LOCAL OPTION ORLOCAL NECESSITY?
Our take: By suggesting local option taxes as a way of offsetting the elimination of the hated “personal property tax” on business equipment and supplies, Gov. Butch Otter has offered a framework for discussion.
The Times-News, Twin Falls
Having successfully pushed partial responsibility for public school funding to the local school district and the safe haven of the supplemental levy, Gov. Butch Otter suggested Monday that the state do much the same thing again — with cities, counties, colleges and all other local taxing entities.
The governor wants to eliminate the business equipment tax, more commonly and more erroneously referred to as the personal property tax. When the tax is removed — and $141 million is taken away from cities, counties and other local taxing districts — the governor wants those tax districts to come to you and ask you to vote on whether you’d like them to maintain services that would otherwise be cut.
In short, the governor wants to replace the personal property tax with a local option tax. Except the local option tax is the euphemism for a plan to create a tax rather than being a true replacement.

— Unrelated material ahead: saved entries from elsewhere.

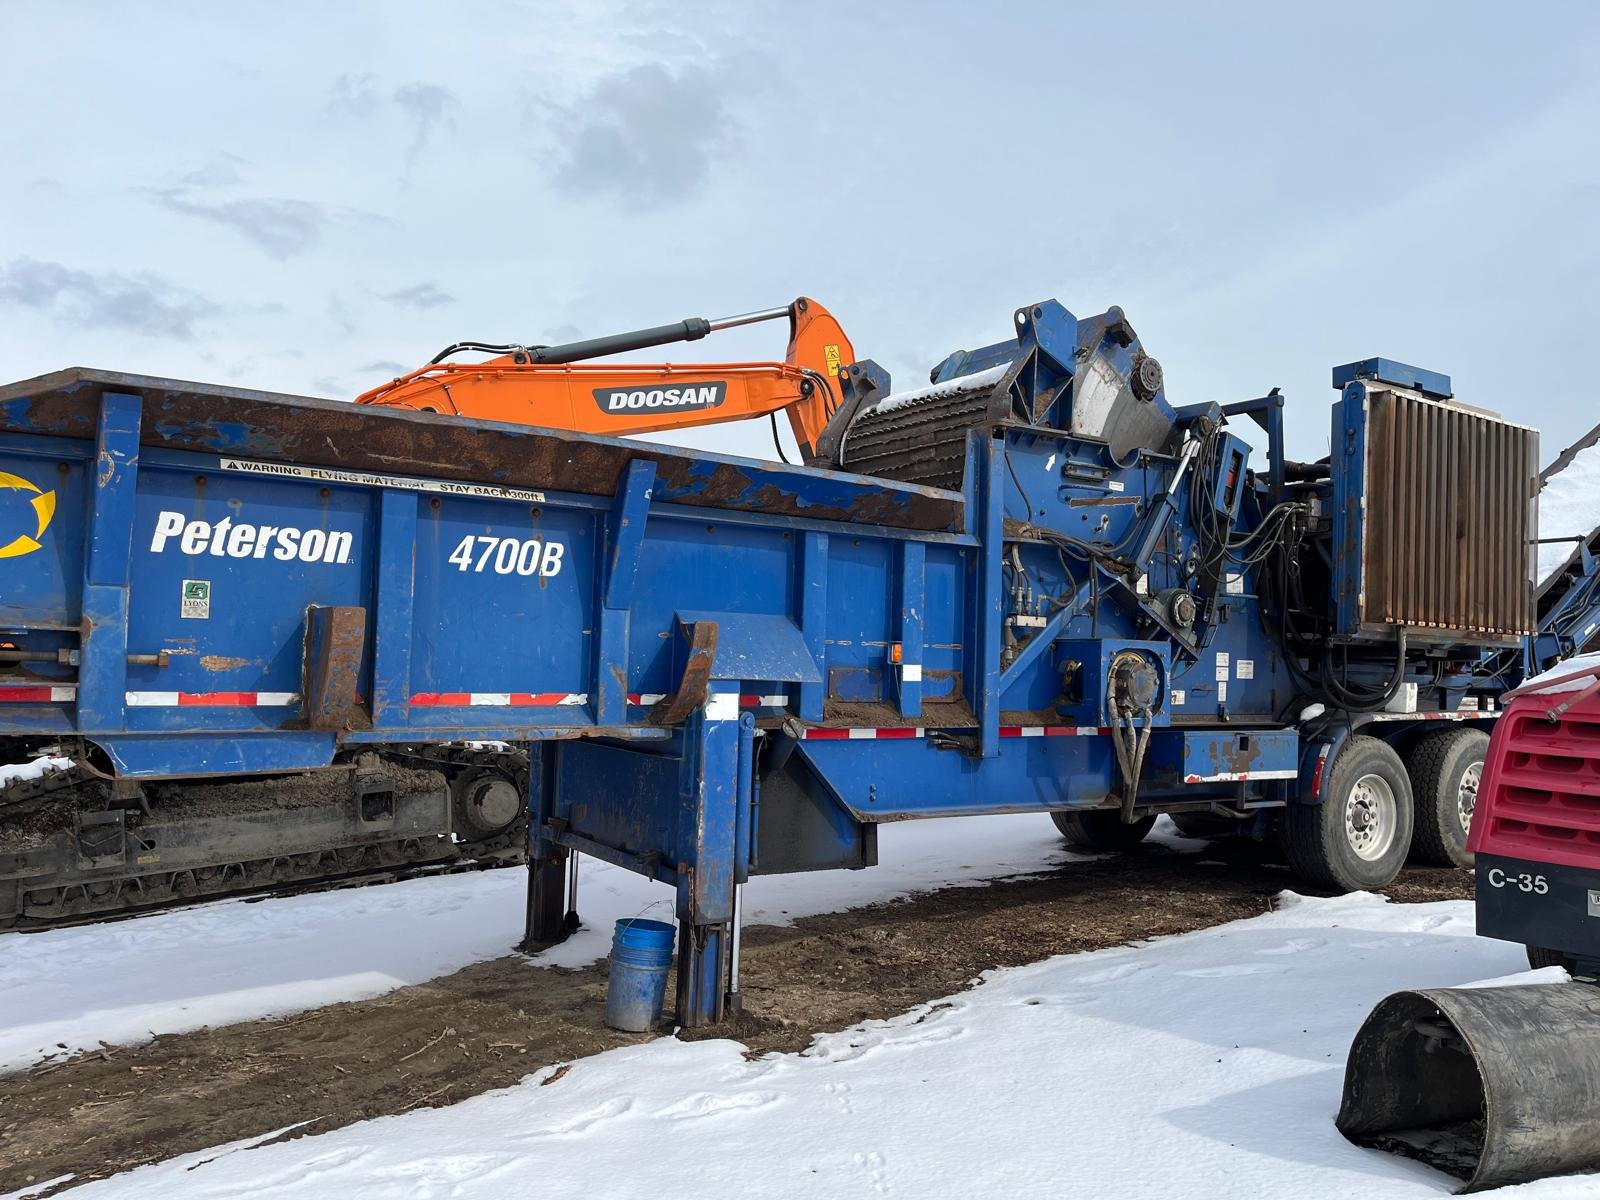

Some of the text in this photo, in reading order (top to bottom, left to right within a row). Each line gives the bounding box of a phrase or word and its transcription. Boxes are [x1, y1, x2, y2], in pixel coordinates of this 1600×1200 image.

[608, 386, 717, 410] DOOSAN
[240, 461, 301, 475] WARNING
[310, 470, 358, 482] FLYING
[440, 483, 470, 493] STAY
[511, 490, 542, 501] 300ft.
[150, 511, 353, 564] Peterson
[448, 535, 565, 577] 4700B
[1488, 868, 1549, 895] C-35
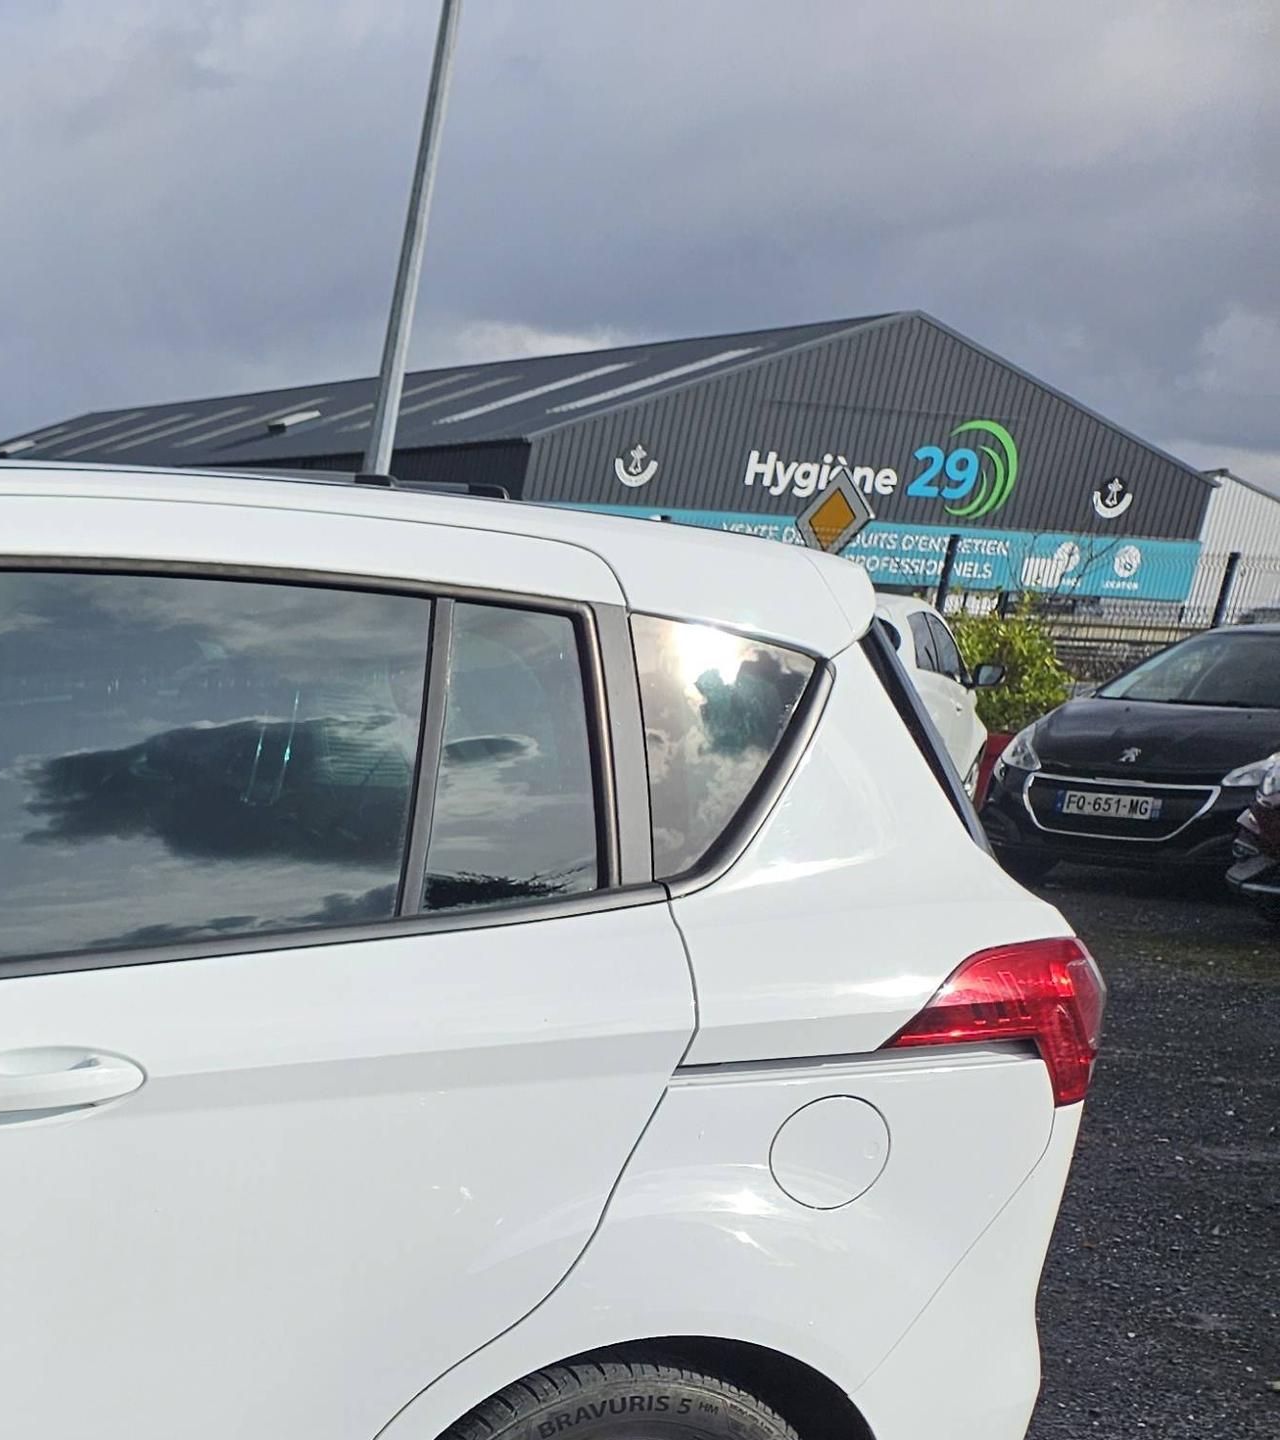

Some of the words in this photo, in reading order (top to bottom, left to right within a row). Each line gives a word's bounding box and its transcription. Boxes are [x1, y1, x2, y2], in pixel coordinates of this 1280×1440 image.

Interestingly, the governor auditioned his proposal to eliminate personal property tax with the media Jan. 4 and emphasized his commitment to “do no harm” to funds that local taxing bodies rely on. In his State of the State address three days later, Otter said that his proposal “isn’t necessarily about using state revenue to make counties ‘whole.’ ” So much for do no harm.
This is not to say that the local option tax is without merit. Currently allowed only in “resort” communities, we editorialized in its favor a year ago as a way of providing cities and counties to pay for something that their residents wanted enough to pay for. We like the emphasis on “option.”
Monday’s proposal would make the local tax more of a necessity than an option. Just like local school districts have been forced into asking residents to approve supplemental levies to backfill state funding shortfalls, cities and counties would need to do the same to replace a net loss of $121 million.
Eliminate the personal property tax, Mr. Governor? Perhaps.
Eliminate the personal property tax while doing no harm to local taxing districts, Mr. Governor? Not even close!
We hope the Legislature says “No” to the governor’s plan and demands from themselves a more thoughtful and far more thorough solution.
KICKING THE KING
Lewiston Tribune
If you’re going to kick the king, kill him.
Last week, Idaho Congressman Raul Labrador kicked the king — House Speaker John Boehner.
Labrador was among a dozen Republicans who opposed Boehner. Technically, Labrador didn’t vote. Boehner won with 200 votes — six more than he needed.
Talk about irony. Idahoans elected Labrador over Democratic Idaho Congressman Walt Minnick in 2010 because they wanted to replace Democratic House Speaker Nancy Pelosi with a Republican. Yet it was Pelosi and the Democratic minority who gained the most from Boehner’s humiliation. They now know how weak a hand the GOP leader holds.
It’s one thing to oppose a speaker on a policy issue. To fight him on a leadership contest just invites a reaction.
So far it hasn’t happened.
Labrador retains his seat on the Judiciary Committee, a perch from which he can pursue immigration reform. But Republican leaders need Labrador on that issue if they’re ever going to make inroads with a Hispanic vote that went heavily Democratic last year.
Payback is likely to be more nuanced. Where Labrador — and his constituents — are likely to suffer is in the myriad details of legislation.
Such as the emergency farm disaster relief provision that disappears in a conference committee.
The provision in a water infrastructure bill to help the Port of Lewiston that evaporates.
Or the complaints about national forest road closures that go unanswered.
The scarce firefighting resources that get allocated to wildfires elsewhere.